Tuesday, May 16, 2006

3 Ways to Structure Marketing Measurement Resources

A common question CMOs ask each other when discussing marketing measurement is "Where did you put your measurement group?" The question underscores conflicting desires to have measurement people close, but not too close. Our research suggests that there are three primary models in broad use today relative to the organizational structure of marketing measurement resources.

Model 1 — The Internal Resource

Many marketing organizations today have at least one dedicated measurement analyst on staff. These people are sometimes academically trained statisticians and other times financial analysts. In a few rare cases both disciplines are represented for a balanced perspective.

These internal resources most often report indirectly to the CMO through a vice president of advertising, vice president of database marketing, or vice president of strategic planning. In a few instances, CMOs have created dedicated VP-level jobs for marketing performance planning and given that person responsibility for coordinating back-end effectiveness measurement with strategic planning, developing HR performance, and managing business-case requests for resources.



Model 2 — The Shared Resource

Another, less frequently found model is a stand-alone analytical group shared between any two or more functional groups like marketing, finance, sales, and operations. These stand-alone groups most often report into finance but have dedicated resources supporting the partnering functions. Sometimes, they report into a COO or president, primarily to support corporate planning and development, and are staffed to provide centralized support for the other functions as well.

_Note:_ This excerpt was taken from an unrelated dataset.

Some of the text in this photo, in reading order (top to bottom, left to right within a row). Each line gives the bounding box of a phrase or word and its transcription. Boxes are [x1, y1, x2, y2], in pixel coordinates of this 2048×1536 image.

The skills in these shared resource groups tend to be a blend of those with advanced degrees in statistics and those with strong backgrounds in finance or accounting. By their nature, these groups tend to be larger and have better software tools. For capacity and expertise reasons, they work directly with marketing personnel on front-end planning and back-end measurement and with some of the more marketing-specific analytics outsourced to vendors.

Model 3 — Informal Marketing/Finance Collaboration

The most common organizational approach to marketing measurement — informal collaboration — is characterized by no one person or group having responsibility for marketing measurement. Marketing staff work with finance staff whenever they see the need for a business case to be developed or a program ROI to be determined. Finance, on the other hand, asks randomly-timed questions about assumptions, returns, and resource allocation plans.

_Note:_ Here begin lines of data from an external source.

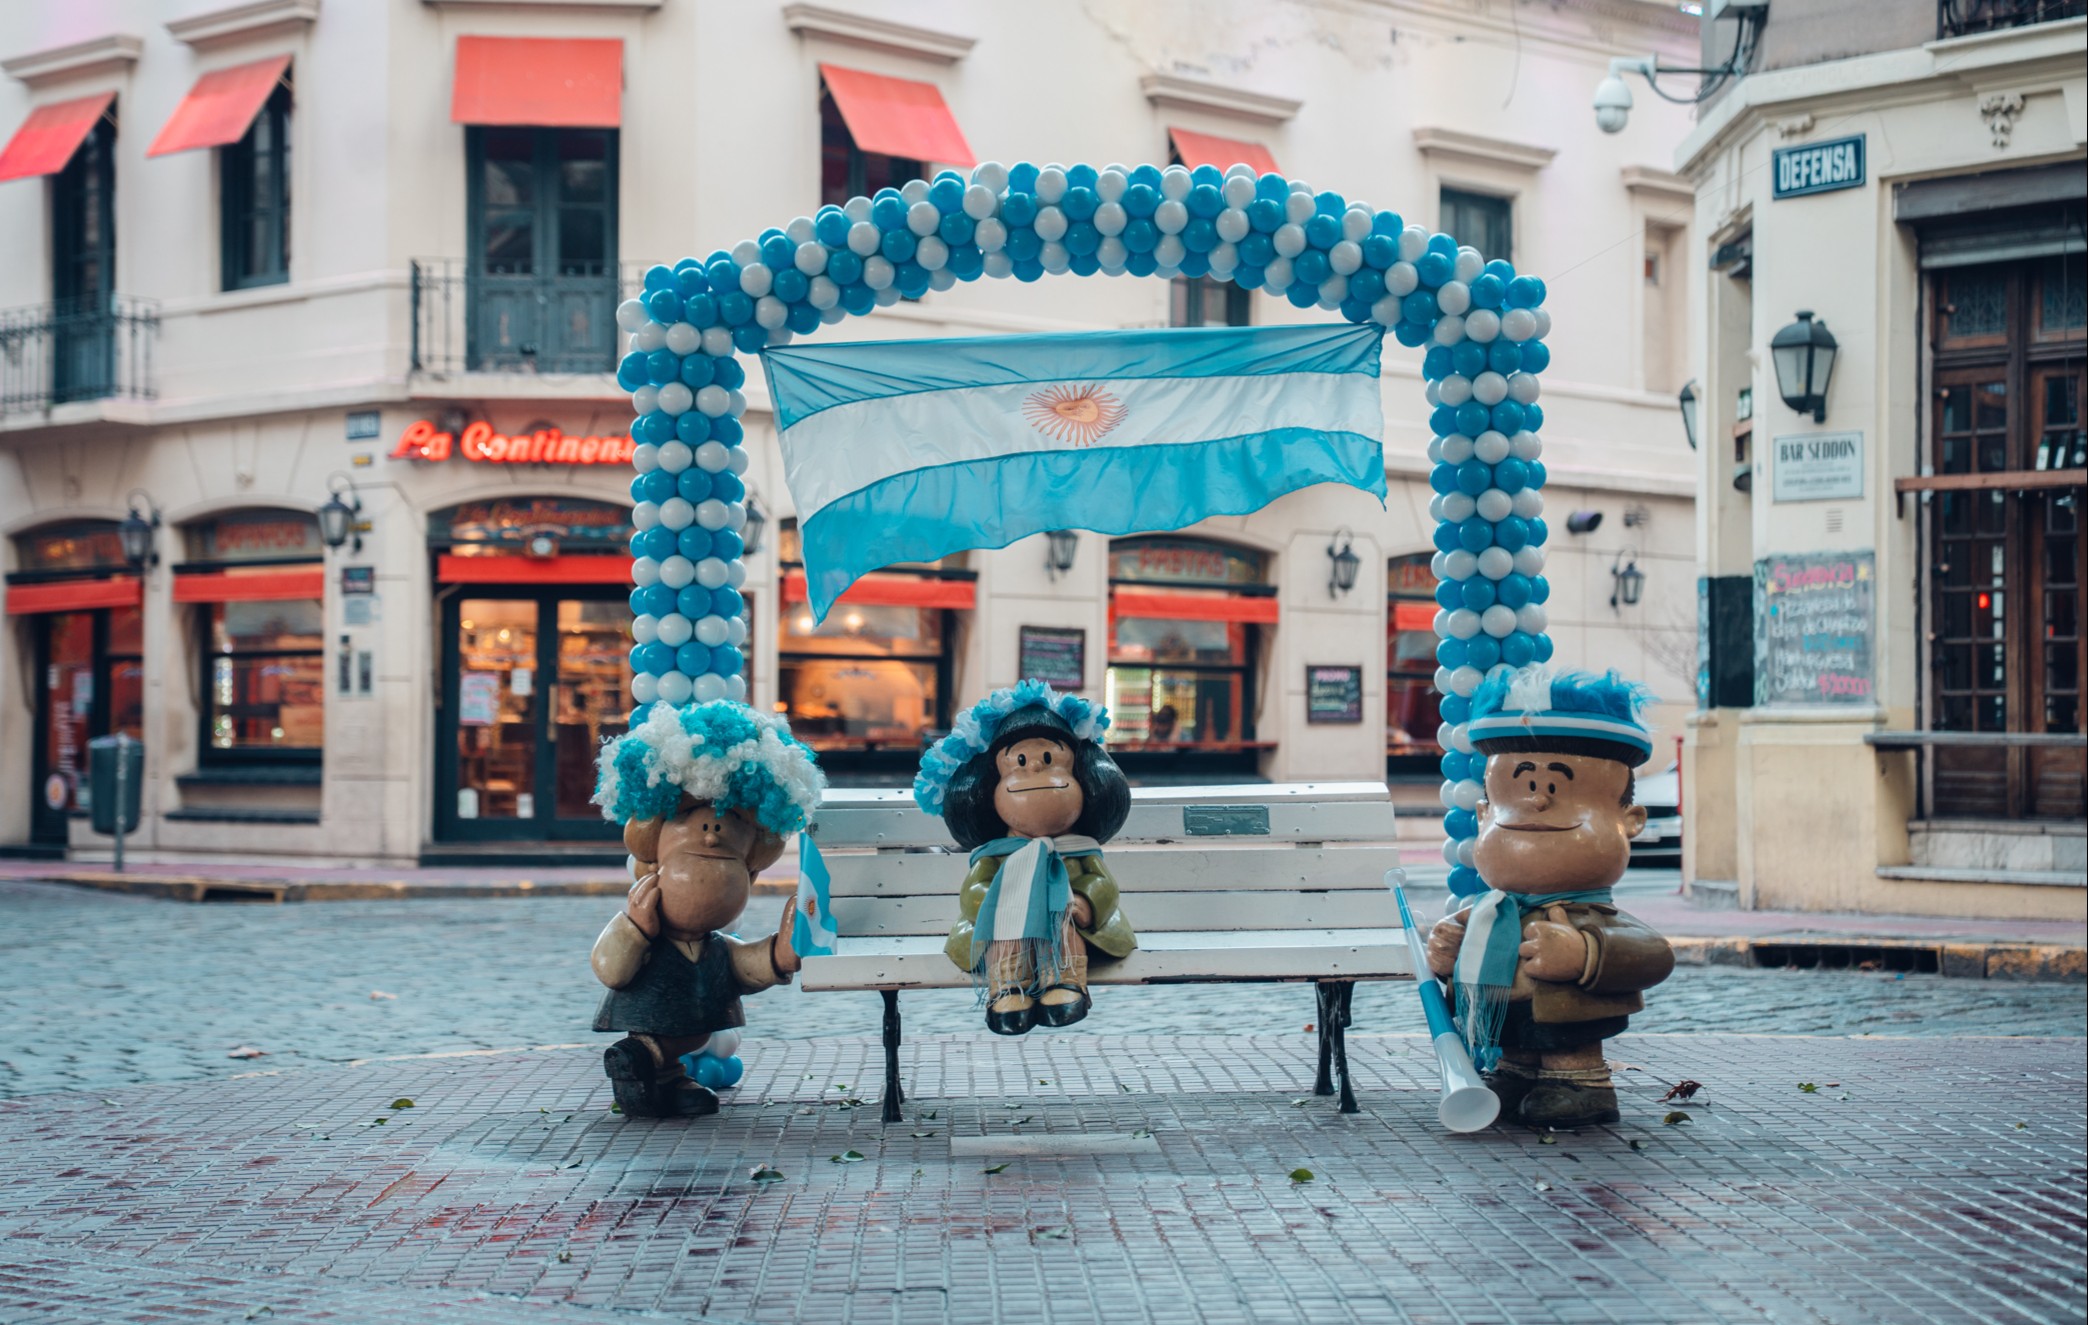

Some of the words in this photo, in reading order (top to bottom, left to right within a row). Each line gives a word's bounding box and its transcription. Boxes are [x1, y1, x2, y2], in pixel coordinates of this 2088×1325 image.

[1780, 142, 1856, 192] DEFENSA
[460, 420, 639, 464] Continent
[1780, 443, 1804, 463] BAR
[1808, 440, 1856, 460] SEDDON
[1138, 546, 1226, 577] PASTAS

Some of these informal collaborations work on the strength of the friendships between individuals. Others survive in an environment where corporate expectations for marketing accountability are still low enough that measurement is an afterthought more than a decision process.



Each one of these models has merits and downsides. Informal models and shared resources are lower cost, but also lower on specific expertise. Internal resources are potentially most useful to marketing, but often resource constrained. No matter which model your company may have or be considering, understanding the tradeoffs and evolution path with help you manage the function for optimal benefit.